All of that said, retirement is a moving target, and it comes with distinct phases. These phases of retirement are:

  • The go-go years
  • The slow-go years
  • The no-go years

The go-go years are when retirees are in good health and able to do what they enjoy. That can be travel or physical activities such as pickleball or golf. The slow-go years are when retirees can still pursue those activities, but their level of involvement slows down a bit. Finally, the no-go years are when retirees have aged and their health has changed. They tend to need more long-term care support and other healthcare supports at this stage.

It’s hard to estimate how long each phase of retirement might last. That will depend on a retiree’s personal health, family history, history of taking care of himself or herself, and more. In this article, we will go over these three phases of retirement, what they might look like for how you spend your money and time, and things to keep in mind as you plan ahead.

Will You Have Enough Money for All Phases of Retirement?

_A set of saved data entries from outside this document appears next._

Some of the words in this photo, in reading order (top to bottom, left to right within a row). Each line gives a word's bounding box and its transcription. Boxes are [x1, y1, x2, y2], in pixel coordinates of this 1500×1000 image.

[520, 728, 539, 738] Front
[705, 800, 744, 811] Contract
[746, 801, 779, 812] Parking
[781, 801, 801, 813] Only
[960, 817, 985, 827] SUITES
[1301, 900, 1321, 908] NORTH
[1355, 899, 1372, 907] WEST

While retirement evolves over time, it’s still a long journey to the proverbial finish line. You may wonder about how you can be confident about having enough income to last for all of that time.

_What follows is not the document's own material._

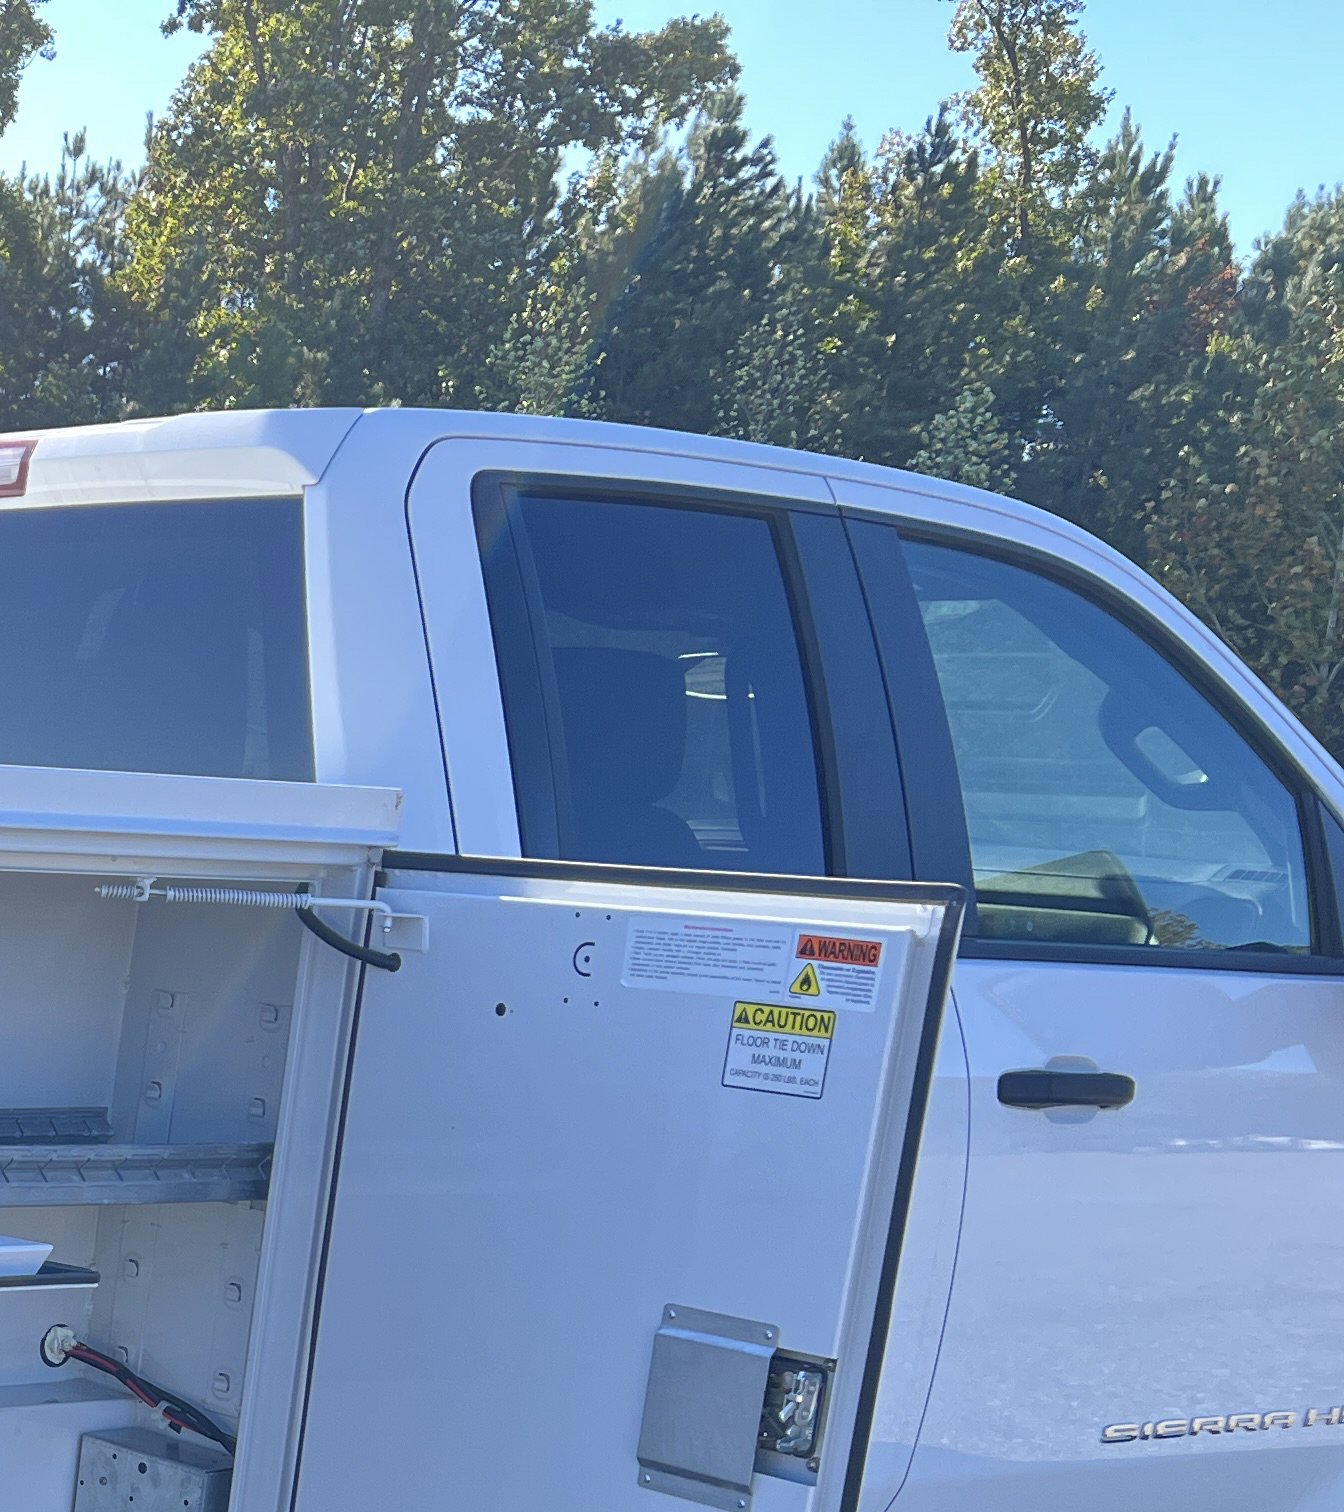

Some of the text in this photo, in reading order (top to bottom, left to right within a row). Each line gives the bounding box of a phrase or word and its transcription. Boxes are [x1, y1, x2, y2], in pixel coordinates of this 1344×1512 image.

One way to approach that question is by calculating how much you will spend in retirement. You can start by looking at your current expenses, which show what is financially important to you. Some of these expenses will stick around in retirement while others go away.

Here are a few examples. Your transportation and wardrobe expenses may shrink as you step away from a full-time career. Housing expenses are likely to remain, but that also depends on where you plan to live.

Other things may change. Will you be paying for college expenses for your kids or other loved ones? Do you plan to travel much? Will your lifestyle be very independent or very laidback? All of these questions are good to think about.

From there, break expenses into two categories: essential monthly expenses, and non-essential costs that are less frequent than your basic monthly spending.

Your essential spending will cover monthly living expenses: housing, grocery, utilities, insurance, transportation, and so on. The non-essential spending is tied to long-held life goals, such as travel, hobbies, entertainment, and charitable giving.

As time goes on, your retirement spending will likely change. Expenses for long-term care and healthcare often go up with aging. If you carry debt into retirement, paying it off can really add up in the no-go years. Inflation will also take a toll over time.

Planning for Lifelong Retirement Income

What else can you do beyond those steps for planning for lifelong income? Here are a few things to do.

Tally up your essential and non-essential expenses on a yearly basis. Run the numbers for at least a 30-year span, and have your spending go up by a certain percentage each year so you have inflation covered. You might aim for 2-3% per year as a cost of living adjustment.

When your spending increases and decreases will depend on your goals and personal situation. On the whole, however, the spending of many retirees over time might look like a valley trough or an inverted bell curve, if you were to graph it.

That is because retirement spending tends to be higher in the go-go years, go down in the slow-go years, and go up again in the no-go years due to increasing healthcare needs. A knowledgeable financial professional can help you work through these steps and see how you can plan for having enough money for a long-time retirement.

The Go-Go Years

Now, let’s get into the three phases of retirement. First, the go-go years. This period marks the initial phase of retirement.

Retirees generally have good health and a burst of energy. It’s when they want to follow through on goals and dreams that they may have put off during their working years. Traveling, volunteering, spending quality time with loved ones, and enjoying recreation like golf are common pursuits.

Financially, the go-go years may see an uptick in spending. It’s because retirees are spending money on things that matter to them at this point. Whether it’s exploring new places, taking up a hobby, or simply enjoying more leisure time, these experiences often come with a price tag.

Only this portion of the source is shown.